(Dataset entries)
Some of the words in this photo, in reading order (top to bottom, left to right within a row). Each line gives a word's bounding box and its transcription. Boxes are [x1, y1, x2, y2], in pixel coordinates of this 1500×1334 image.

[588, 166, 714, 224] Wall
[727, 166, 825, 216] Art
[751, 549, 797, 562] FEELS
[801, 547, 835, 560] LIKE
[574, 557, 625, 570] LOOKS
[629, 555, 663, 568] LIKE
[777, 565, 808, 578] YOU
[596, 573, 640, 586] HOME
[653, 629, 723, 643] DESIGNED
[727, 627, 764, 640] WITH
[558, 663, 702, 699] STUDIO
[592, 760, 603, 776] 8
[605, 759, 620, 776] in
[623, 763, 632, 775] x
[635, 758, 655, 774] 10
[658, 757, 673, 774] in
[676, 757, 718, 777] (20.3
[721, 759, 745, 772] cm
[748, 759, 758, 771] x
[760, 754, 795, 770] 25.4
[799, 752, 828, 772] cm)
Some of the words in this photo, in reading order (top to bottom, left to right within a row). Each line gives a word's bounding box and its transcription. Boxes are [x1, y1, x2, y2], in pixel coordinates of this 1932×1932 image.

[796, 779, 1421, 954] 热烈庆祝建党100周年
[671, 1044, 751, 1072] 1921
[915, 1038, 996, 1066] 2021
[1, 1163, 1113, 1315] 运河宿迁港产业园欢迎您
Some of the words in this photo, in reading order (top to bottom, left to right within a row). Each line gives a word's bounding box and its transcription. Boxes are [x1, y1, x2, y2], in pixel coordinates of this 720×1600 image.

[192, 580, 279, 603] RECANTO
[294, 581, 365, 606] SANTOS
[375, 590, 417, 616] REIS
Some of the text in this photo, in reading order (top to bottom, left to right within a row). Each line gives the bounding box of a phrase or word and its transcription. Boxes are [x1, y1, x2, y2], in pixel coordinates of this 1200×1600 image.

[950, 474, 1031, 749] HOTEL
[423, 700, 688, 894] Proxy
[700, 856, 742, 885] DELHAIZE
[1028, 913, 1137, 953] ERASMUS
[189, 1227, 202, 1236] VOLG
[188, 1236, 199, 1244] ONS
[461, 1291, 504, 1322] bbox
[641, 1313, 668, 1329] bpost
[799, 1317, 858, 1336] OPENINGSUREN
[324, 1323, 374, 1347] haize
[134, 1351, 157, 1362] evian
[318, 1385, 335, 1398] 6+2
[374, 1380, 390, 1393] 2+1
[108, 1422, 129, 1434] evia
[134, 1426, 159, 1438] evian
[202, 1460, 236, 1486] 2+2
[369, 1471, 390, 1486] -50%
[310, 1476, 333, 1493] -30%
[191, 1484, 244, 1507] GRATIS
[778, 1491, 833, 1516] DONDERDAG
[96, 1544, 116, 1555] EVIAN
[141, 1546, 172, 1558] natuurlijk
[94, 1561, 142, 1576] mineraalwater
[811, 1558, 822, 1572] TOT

Assignment - Transcribe each record shown above, exactly.

Answer to the problem -
Some of the words in this photo, in reading order (top to bottom, left to right within a row). Each line gives a word's bounding box and its transcription. Boxes are [x1, y1, x2, y2], in pixel coordinates of this 1500×1334 image.

[588, 166, 714, 224] Wall
[727, 166, 825, 216] Art
[751, 549, 797, 562] FEELS
[801, 547, 835, 560] LIKE
[574, 557, 625, 570] LOOKS
[629, 555, 663, 568] LIKE
[777, 565, 808, 578] YOU
[596, 573, 640, 586] HOME
[653, 629, 723, 643] DESIGNED
[727, 627, 764, 640] WITH
[558, 663, 702, 699] STUDIO
[592, 760, 603, 776] 8
[605, 759, 620, 776] in
[623, 763, 632, 775] x
[635, 758, 655, 774] 10
[658, 757, 673, 774] in
[676, 757, 718, 777] (20.3
[721, 759, 745, 772] cm
[748, 759, 758, 771] x
[760, 754, 795, 770] 25.4
[799, 752, 828, 772] cm)
Some of the words in this photo, in reading order (top to bottom, left to right within a row). Each line gives a word's bounding box and its transcription. Boxes are [x1, y1, x2, y2], in pixel coordinates of this 1932×1932 image.

[796, 779, 1421, 954] 热烈庆祝建党100周年
[671, 1044, 751, 1072] 1921
[915, 1038, 996, 1066] 2021
[1, 1163, 1113, 1315] 运河宿迁港产业园欢迎您
Some of the words in this photo, in reading order (top to bottom, left to right within a row). Each line gives a word's bounding box and its transcription. Boxes are [x1, y1, x2, y2], in pixel coordinates of this 720×1600 image.

[192, 580, 279, 603] RECANTO
[294, 581, 365, 606] SANTOS
[375, 590, 417, 616] REIS
Some of the text in this photo, in reading order (top to bottom, left to right within a row). Each line gives the bounding box of a phrase or word and its transcription. Boxes are [x1, y1, x2, y2], in pixel coordinates of this 1200×1600 image.

[950, 474, 1031, 749] HOTEL
[423, 700, 688, 894] Proxy
[700, 856, 742, 885] DELHAIZE
[1028, 913, 1137, 953] ERASMUS
[189, 1227, 202, 1236] VOLG
[188, 1236, 199, 1244] ONS
[461, 1291, 504, 1322] bbox
[641, 1313, 668, 1329] bpost
[799, 1317, 858, 1336] OPENINGSUREN
[324, 1323, 374, 1347] haize
[134, 1351, 157, 1362] evian
[318, 1385, 335, 1398] 6+2
[374, 1380, 390, 1393] 2+1
[108, 1422, 129, 1434] evia
[134, 1426, 159, 1438] evian
[202, 1460, 236, 1486] 2+2
[369, 1471, 390, 1486] -50%
[310, 1476, 333, 1493] -30%
[191, 1484, 244, 1507] GRATIS
[778, 1491, 833, 1516] DONDERDAG
[96, 1544, 116, 1555] EVIAN
[141, 1546, 172, 1558] natuurlijk
[94, 1561, 142, 1576] mineraalwater
[811, 1558, 822, 1572] TOT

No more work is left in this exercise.